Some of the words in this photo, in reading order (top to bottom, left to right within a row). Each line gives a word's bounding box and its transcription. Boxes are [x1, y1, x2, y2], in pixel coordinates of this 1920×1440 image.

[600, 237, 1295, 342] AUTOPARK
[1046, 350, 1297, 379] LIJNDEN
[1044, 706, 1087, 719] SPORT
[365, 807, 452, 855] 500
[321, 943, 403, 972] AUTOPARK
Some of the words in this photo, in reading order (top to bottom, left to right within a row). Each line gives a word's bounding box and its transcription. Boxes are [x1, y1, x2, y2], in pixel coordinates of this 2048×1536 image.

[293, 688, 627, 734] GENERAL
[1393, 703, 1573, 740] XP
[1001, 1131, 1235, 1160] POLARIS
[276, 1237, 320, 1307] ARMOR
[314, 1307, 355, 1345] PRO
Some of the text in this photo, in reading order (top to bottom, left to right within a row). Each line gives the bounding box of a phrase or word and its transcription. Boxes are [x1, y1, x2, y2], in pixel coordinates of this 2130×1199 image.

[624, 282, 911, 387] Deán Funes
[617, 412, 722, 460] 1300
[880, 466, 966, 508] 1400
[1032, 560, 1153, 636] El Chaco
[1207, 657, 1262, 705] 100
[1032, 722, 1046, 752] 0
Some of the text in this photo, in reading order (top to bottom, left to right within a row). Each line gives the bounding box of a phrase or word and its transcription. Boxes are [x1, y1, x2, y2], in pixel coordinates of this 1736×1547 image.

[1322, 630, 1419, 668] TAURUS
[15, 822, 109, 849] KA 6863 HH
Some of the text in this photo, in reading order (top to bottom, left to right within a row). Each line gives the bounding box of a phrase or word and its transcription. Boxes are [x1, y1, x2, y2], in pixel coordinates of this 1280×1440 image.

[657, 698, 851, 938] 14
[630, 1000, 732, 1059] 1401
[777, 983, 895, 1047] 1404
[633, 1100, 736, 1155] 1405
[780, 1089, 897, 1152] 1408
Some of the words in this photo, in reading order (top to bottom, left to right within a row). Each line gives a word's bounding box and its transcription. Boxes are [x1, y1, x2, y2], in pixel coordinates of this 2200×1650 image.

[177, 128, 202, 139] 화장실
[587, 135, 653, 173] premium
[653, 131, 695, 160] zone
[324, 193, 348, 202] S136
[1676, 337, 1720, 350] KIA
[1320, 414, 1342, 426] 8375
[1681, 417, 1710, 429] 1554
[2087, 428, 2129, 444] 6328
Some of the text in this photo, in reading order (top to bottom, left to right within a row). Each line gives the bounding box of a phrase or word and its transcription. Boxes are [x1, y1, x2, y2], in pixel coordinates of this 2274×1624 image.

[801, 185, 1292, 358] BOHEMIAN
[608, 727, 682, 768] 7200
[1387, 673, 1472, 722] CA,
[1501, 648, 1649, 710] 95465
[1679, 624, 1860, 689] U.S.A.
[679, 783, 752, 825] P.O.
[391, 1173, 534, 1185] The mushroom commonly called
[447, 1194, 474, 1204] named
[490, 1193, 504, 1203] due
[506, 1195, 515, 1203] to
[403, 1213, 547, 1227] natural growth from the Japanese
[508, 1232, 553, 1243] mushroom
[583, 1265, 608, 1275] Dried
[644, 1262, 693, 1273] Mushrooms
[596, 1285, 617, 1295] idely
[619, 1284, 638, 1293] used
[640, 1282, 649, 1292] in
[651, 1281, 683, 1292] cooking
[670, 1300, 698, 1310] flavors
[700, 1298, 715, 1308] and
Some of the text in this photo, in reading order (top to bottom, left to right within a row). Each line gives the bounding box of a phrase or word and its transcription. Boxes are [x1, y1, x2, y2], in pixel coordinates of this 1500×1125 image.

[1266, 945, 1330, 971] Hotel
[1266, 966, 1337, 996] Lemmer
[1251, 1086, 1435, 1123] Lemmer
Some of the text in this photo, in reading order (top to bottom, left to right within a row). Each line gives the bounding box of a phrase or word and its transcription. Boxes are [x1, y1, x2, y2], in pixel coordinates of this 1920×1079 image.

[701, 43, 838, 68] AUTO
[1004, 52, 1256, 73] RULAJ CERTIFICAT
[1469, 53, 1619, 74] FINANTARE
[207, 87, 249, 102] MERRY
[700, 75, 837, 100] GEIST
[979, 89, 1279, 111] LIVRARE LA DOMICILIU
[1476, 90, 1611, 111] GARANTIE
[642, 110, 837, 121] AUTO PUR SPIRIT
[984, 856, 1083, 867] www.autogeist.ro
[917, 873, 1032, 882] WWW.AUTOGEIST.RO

-.-.-

- **What the task asks**:
Reproduce every entry above so that each one matches its source exactly.

- **Written solution**:
Some of the words in this photo, in reading order (top to bottom, left to right within a row). Each line gives a word's bounding box and its transcription. Boxes are [x1, y1, x2, y2], in pixel coordinates of this 1920×1440 image.

[600, 237, 1295, 342] AUTOPARK
[1046, 350, 1297, 379] LIJNDEN
[1044, 706, 1087, 719] SPORT
[365, 807, 452, 855] 500
[321, 943, 403, 972] AUTOPARK
Some of the words in this photo, in reading order (top to bottom, left to right within a row). Each line gives a word's bounding box and its transcription. Boxes are [x1, y1, x2, y2], in pixel coordinates of this 2048×1536 image.

[293, 688, 627, 734] GENERAL
[1393, 703, 1573, 740] XP
[1001, 1131, 1235, 1160] POLARIS
[276, 1237, 320, 1307] ARMOR
[314, 1307, 355, 1345] PRO
Some of the text in this photo, in reading order (top to bottom, left to right within a row). Each line gives the bounding box of a phrase or word and its transcription. Boxes are [x1, y1, x2, y2], in pixel coordinates of this 2130×1199 image.

[624, 282, 911, 387] Deán Funes
[617, 412, 722, 460] 1300
[880, 466, 966, 508] 1400
[1032, 560, 1153, 636] El Chaco
[1207, 657, 1262, 705] 100
[1032, 722, 1046, 752] 0
Some of the text in this photo, in reading order (top to bottom, left to right within a row). Each line gives the bounding box of a phrase or word and its transcription. Boxes are [x1, y1, x2, y2], in pixel coordinates of this 1736×1547 image.

[1322, 630, 1419, 668] TAURUS
[15, 822, 109, 849] KA 6863 HH
Some of the text in this photo, in reading order (top to bottom, left to right within a row). Each line gives the bounding box of a phrase or word and its transcription. Boxes are [x1, y1, x2, y2], in pixel coordinates of this 1280×1440 image.

[657, 698, 851, 938] 14
[630, 1000, 732, 1059] 1401
[777, 983, 895, 1047] 1404
[633, 1100, 736, 1155] 1405
[780, 1089, 897, 1152] 1408
Some of the words in this photo, in reading order (top to bottom, left to right within a row). Each line gives a word's bounding box and its transcription. Boxes are [x1, y1, x2, y2], in pixel coordinates of this 2200×1650 image.

[177, 128, 202, 139] 화장실
[587, 135, 653, 173] premium
[653, 131, 695, 160] zone
[324, 193, 348, 202] S136
[1676, 337, 1720, 350] KIA
[1320, 414, 1342, 426] 8375
[1681, 417, 1710, 429] 1554
[2087, 428, 2129, 444] 6328
Some of the text in this photo, in reading order (top to bottom, left to right within a row). Each line gives the bounding box of a phrase or word and its transcription. Boxes are [x1, y1, x2, y2], in pixel coordinates of this 2274×1624 image.

[801, 185, 1292, 358] BOHEMIAN
[608, 727, 682, 768] 7200
[1387, 673, 1472, 722] CA,
[1501, 648, 1649, 710] 95465
[1679, 624, 1860, 689] U.S.A.
[679, 783, 752, 825] P.O.
[391, 1173, 534, 1185] The mushroom commonly called
[447, 1194, 474, 1204] named
[490, 1193, 504, 1203] due
[506, 1195, 515, 1203] to
[403, 1213, 547, 1227] natural growth from the Japanese
[508, 1232, 553, 1243] mushroom
[583, 1265, 608, 1275] Dried
[644, 1262, 693, 1273] Mushrooms
[596, 1285, 617, 1295] idely
[619, 1284, 638, 1293] used
[640, 1282, 649, 1292] in
[651, 1281, 683, 1292] cooking
[670, 1300, 698, 1310] flavors
[700, 1298, 715, 1308] and
Some of the text in this photo, in reading order (top to bottom, left to right within a row). Each line gives the bounding box of a phrase or word and its transcription. Boxes are [x1, y1, x2, y2], in pixel coordinates of this 1500×1125 image.

[1266, 945, 1330, 971] Hotel
[1266, 966, 1337, 996] Lemmer
[1251, 1086, 1435, 1123] Lemmer
Some of the text in this photo, in reading order (top to bottom, left to right within a row). Each line gives the bounding box of a phrase or word and its transcription. Boxes are [x1, y1, x2, y2], in pixel coordinates of this 1920×1079 image.

[701, 43, 838, 68] AUTO
[1004, 52, 1256, 73] RULAJ CERTIFICAT
[1469, 53, 1619, 74] FINANTARE
[207, 87, 249, 102] MERRY
[700, 75, 837, 100] GEIST
[979, 89, 1279, 111] LIVRARE LA DOMICILIU
[1476, 90, 1611, 111] GARANTIE
[642, 110, 837, 121] AUTO PUR SPIRIT
[984, 856, 1083, 867] www.autogeist.ro
[917, 873, 1032, 882] WWW.AUTOGEIST.RO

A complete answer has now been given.